_Your goal:_
Please retype every entry, keeping each one exactly as written.

# # # #

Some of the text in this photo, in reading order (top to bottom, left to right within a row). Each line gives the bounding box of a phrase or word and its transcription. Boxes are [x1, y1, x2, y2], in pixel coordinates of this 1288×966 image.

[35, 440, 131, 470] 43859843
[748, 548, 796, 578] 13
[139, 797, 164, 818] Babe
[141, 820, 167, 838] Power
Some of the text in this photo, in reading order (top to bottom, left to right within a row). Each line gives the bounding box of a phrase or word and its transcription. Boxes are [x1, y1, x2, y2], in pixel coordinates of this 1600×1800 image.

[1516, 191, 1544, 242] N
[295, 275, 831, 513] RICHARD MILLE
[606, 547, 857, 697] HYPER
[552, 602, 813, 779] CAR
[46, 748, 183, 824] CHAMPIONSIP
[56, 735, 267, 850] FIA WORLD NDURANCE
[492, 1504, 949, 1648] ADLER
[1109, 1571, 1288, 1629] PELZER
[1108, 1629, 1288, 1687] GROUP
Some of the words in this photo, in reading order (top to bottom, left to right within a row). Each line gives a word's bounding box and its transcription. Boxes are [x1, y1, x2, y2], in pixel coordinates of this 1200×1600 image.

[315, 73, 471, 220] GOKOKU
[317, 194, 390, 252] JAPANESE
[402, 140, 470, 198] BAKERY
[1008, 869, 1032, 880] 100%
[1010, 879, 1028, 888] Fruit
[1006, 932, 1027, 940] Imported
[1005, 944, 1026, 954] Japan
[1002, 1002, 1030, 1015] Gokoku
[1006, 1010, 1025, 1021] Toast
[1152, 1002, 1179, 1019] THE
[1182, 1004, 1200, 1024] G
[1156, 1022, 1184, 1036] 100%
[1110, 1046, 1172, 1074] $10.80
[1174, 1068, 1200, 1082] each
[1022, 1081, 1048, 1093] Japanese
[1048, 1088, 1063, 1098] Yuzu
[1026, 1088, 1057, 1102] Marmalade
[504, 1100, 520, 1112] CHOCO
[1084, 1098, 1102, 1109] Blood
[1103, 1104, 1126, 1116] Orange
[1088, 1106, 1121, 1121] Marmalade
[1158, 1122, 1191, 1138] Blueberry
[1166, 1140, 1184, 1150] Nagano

# # # #

_Solved problem:_
Some of the text in this photo, in reading order (top to bottom, left to right within a row). Each line gives the bounding box of a phrase or word and its transcription. Boxes are [x1, y1, x2, y2], in pixel coordinates of this 1288×966 image.

[35, 440, 131, 470] 43859843
[748, 548, 796, 578] 13
[139, 797, 164, 818] Babe
[141, 820, 167, 838] Power
Some of the text in this photo, in reading order (top to bottom, left to right within a row). Each line gives the bounding box of a phrase or word and its transcription. Boxes are [x1, y1, x2, y2], in pixel coordinates of this 1600×1800 image.

[1516, 191, 1544, 242] N
[295, 275, 831, 513] RICHARD MILLE
[606, 547, 857, 697] HYPER
[552, 602, 813, 779] CAR
[46, 748, 183, 824] CHAMPIONSIP
[56, 735, 267, 850] FIA WORLD NDURANCE
[492, 1504, 949, 1648] ADLER
[1109, 1571, 1288, 1629] PELZER
[1108, 1629, 1288, 1687] GROUP
Some of the words in this photo, in reading order (top to bottom, left to right within a row). Each line gives a word's bounding box and its transcription. Boxes are [x1, y1, x2, y2], in pixel coordinates of this 1200×1600 image.

[315, 73, 471, 220] GOKOKU
[317, 194, 390, 252] JAPANESE
[402, 140, 470, 198] BAKERY
[1008, 869, 1032, 880] 100%
[1010, 879, 1028, 888] Fruit
[1006, 932, 1027, 940] Imported
[1005, 944, 1026, 954] Japan
[1002, 1002, 1030, 1015] Gokoku
[1006, 1010, 1025, 1021] Toast
[1152, 1002, 1179, 1019] THE
[1182, 1004, 1200, 1024] G
[1156, 1022, 1184, 1036] 100%
[1110, 1046, 1172, 1074] $10.80
[1174, 1068, 1200, 1082] each
[1022, 1081, 1048, 1093] Japanese
[1048, 1088, 1063, 1098] Yuzu
[1026, 1088, 1057, 1102] Marmalade
[504, 1100, 520, 1112] CHOCO
[1084, 1098, 1102, 1109] Blood
[1103, 1104, 1126, 1116] Orange
[1088, 1106, 1121, 1121] Marmalade
[1158, 1122, 1191, 1138] Blueberry
[1166, 1140, 1184, 1150] Nagano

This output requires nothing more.